Tangentially Pynchon. see today's Google Doodle
David Morris
fqmorris at gmail.com
Sat May 7 13:36:00 CDT 2016
Design does matter, as does concentrated poverty. Money might trump (is
that word still usable?) poor design. But design can help mitigate the
effects of poverty. At the very least, reducing the density of poverty in
a community has beneficial effects, and that is a form of possible design
(housing policy). But there are other ways good design can mitigate
poverty's bad effects.
Design is much more than aesthetics. Jacobs was a pioneer of an urban
concept called "defensible space," a concept closely related to her "eyes
on the Street" concept. That concept was the result of careful observation
of how healthy urban spaces are generally configured (designed) with
clearly defined levels of separation between public space and private
space. Old housing projects modeled after the modernist vision of
high-rise residential towers dispersed in a continuous and open green space
make the distinction between public space and private space reduced to
inside the building versus outside the building, with no in-between levels:
everything outside the building is public, not "owned" by those inside the
building.
In more traditional urban environments the public space was primarily the
"street," free for everyone to occupy. But there were also semi-private
street spaces like stoops, front porches, fire escapes, even windows, that
the "owners" of the private spaces inside the building can occupy and thus
own/police/observe the activity on the Street. Owners tend to defend what
they own against threats to such ownership. Good design keeps the public
realm semi-owned by those inside the buildings. It's a simple idea that
worked for ages before Modernism blew-up urbanism in favor of their ideal
anti-urban concept of continuous "free" green space sprinkled with
high-density residential object in that field of green. Streets were no
longer discrete domains. They were now engulfed into a universal field of
public, indefensible space. As a result the only safe (defensible) space
was inside the heavily-locked-up apartment inside the tower.
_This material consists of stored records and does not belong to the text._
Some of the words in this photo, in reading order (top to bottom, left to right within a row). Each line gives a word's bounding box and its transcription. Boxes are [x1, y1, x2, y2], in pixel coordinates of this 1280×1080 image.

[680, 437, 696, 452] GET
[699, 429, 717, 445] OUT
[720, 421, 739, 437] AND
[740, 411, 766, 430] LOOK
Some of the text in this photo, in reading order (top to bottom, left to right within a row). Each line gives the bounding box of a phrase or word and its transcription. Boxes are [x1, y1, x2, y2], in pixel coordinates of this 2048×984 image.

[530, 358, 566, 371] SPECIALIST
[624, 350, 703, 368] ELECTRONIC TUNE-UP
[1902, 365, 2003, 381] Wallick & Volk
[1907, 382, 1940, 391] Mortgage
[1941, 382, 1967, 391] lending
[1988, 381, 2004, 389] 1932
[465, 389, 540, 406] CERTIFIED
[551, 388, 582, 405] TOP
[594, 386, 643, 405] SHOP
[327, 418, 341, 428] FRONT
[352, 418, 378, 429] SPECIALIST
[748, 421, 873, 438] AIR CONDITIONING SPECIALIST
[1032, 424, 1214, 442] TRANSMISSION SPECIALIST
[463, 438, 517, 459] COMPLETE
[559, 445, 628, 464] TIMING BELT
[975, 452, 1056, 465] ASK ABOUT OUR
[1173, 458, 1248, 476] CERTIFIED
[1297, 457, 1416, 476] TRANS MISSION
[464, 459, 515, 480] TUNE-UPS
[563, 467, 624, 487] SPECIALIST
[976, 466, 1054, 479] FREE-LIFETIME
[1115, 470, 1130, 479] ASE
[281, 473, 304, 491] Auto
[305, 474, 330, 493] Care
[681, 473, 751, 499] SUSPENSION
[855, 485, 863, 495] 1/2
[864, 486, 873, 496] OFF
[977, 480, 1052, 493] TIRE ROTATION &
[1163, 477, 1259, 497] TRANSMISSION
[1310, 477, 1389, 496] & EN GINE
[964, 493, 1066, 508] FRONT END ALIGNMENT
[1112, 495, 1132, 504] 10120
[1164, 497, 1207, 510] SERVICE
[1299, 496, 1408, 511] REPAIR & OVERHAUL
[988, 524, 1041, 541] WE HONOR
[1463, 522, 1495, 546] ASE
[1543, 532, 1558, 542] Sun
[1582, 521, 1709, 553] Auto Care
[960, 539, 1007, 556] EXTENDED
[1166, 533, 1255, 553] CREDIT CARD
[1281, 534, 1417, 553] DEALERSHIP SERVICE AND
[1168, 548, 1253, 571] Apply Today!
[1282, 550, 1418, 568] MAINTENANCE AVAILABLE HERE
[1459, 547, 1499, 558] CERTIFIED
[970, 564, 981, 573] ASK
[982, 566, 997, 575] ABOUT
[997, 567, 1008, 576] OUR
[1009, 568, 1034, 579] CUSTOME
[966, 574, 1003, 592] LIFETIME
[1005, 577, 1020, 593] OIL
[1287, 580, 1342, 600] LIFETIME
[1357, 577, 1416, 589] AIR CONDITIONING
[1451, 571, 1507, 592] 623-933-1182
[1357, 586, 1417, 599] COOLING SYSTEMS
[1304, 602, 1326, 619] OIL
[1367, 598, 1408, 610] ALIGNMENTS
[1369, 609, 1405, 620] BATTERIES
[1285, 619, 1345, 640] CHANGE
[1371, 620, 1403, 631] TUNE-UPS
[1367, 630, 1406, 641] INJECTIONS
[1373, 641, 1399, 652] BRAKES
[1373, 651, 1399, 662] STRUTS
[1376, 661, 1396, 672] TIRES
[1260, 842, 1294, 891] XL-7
The New Urbanism movement is the product of much of Jane Jacobs (and many
others') work. Unfortunately its anti-modernism attitude produces retro
aesthetics that often look like Disney depictions of the good old days.
But that isn't in it's core philosophy. Modern architecture can easily
adopt the "rules" of New Urbanism. This is why I object to Jane Jacobs
being called an Anti-Planner. She was for smart planing that went beyond
the aesthetics of her day.
David Morris
On Sat, May 7, 2016 at 1:22 PM, Monte Davis <montedavis49 at gmail.com> wrote:
> Umm -- space the buildings a bit more widely, add more lawns and trees,
> and you get this -- 25,000 residents in 110 buildings :
>
> https://upload.wikimedia.org/wikipedia/commons/f/f1/Peter_Cooper_Village_and_Stuyvesant_Town.jpg
> <https://upload.wikimedia.org/wikipedia/commons/f/f1/Peter_Cooper_Village_and_Stuyvesant_Town.jpg>
>
> Which I hope didn't dehumanize me too much at 10 when my family moved
> there from a single-family home in a low-density Boston suburb, or my
> parents as they lived there for 25 years until they retired. We found it a
> safe, comfortable, impeccably maintained place to live, with a local social
> network not all that different from what we'd had before.
>
> Which might be a hint that looking like a computer chip -- or the streets
> of San Narciso looking like copper traces on a circuit board -- doesn't
> actually tell you much. PCV-Stuyvesant Town differed from Pruitt-Igoe,
> above all in higher tenant income and social capital (and yeah, that meant
> mostly white and upper-blue-collar to middle-white-collar at the time),
> private ownership and management (and no, that is not a way of saying
> government can't do urban housing right). Those far outweighed the
> influence, if any, of design. Let's not aestheticize too much.